• Input material:
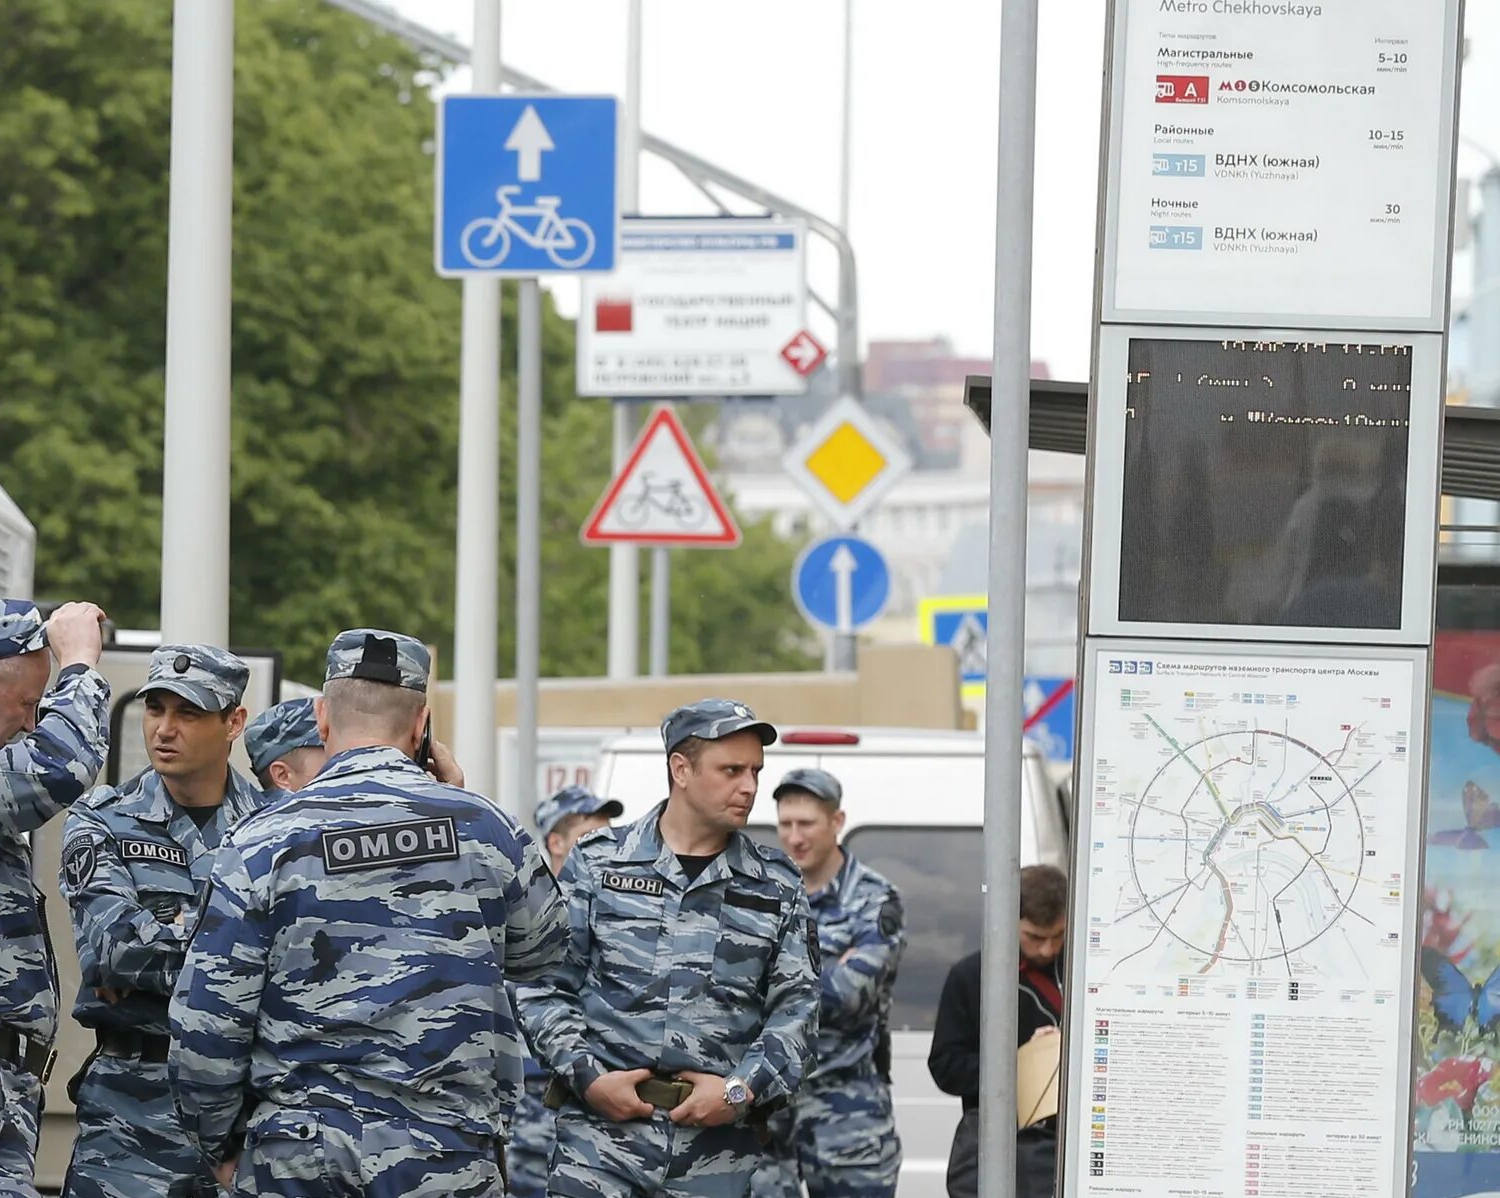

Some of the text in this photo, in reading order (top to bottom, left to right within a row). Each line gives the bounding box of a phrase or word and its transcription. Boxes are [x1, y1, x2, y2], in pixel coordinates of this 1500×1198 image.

[1159, 0, 1323, 18] Metro Chekhovskaya
[1157, 47, 1254, 60] Магистральные
[1261, 80, 1375, 96] Комсомольская
[1216, 95, 1290, 106] Komsomolskaya
[1154, 124, 1215, 136] Районные
[1215, 154, 1320, 169] ВДНХ (южная)
[1214, 169, 1299, 181] VDNKh (Yuzhnaya)
[1151, 198, 1199, 209] Ночные
[1385, 204, 1401, 215] 30
[1214, 227, 1318, 242] ВДНХ (южная)
[1213, 243, 1299, 255] VDNKh (Yuzhnaya)
[1156, 661, 1380, 677] Схема маршрутов наземного транспорта центра Москвы
[330, 824, 450, 863] ОМОН
[129, 842, 181, 862] ОМОН
[609, 874, 659, 893] ОМОН

• What is expected: Would you transcribe all of the entries above exactly, minus the images?

• Solution for this task:
Some of the text in this photo, in reading order (top to bottom, left to right within a row). Each line gives the bounding box of a phrase or word and its transcription. Boxes are [x1, y1, x2, y2], in pixel coordinates of this 1500×1198 image.

[1159, 0, 1323, 18] Metro Chekhovskaya
[1157, 47, 1254, 60] Магистральные
[1261, 80, 1375, 96] Комсомольская
[1216, 95, 1290, 106] Komsomolskaya
[1154, 124, 1215, 136] Районные
[1215, 154, 1320, 169] ВДНХ (южная)
[1214, 169, 1299, 181] VDNKh (Yuzhnaya)
[1151, 198, 1199, 209] Ночные
[1385, 204, 1401, 215] 30
[1214, 227, 1318, 242] ВДНХ (южная)
[1213, 243, 1299, 255] VDNKh (Yuzhnaya)
[1156, 661, 1380, 677] Схема маршрутов наземного транспорта центра Москвы
[330, 824, 450, 863] ОМОН
[129, 842, 181, 862] ОМОН
[609, 874, 659, 893] ОМОН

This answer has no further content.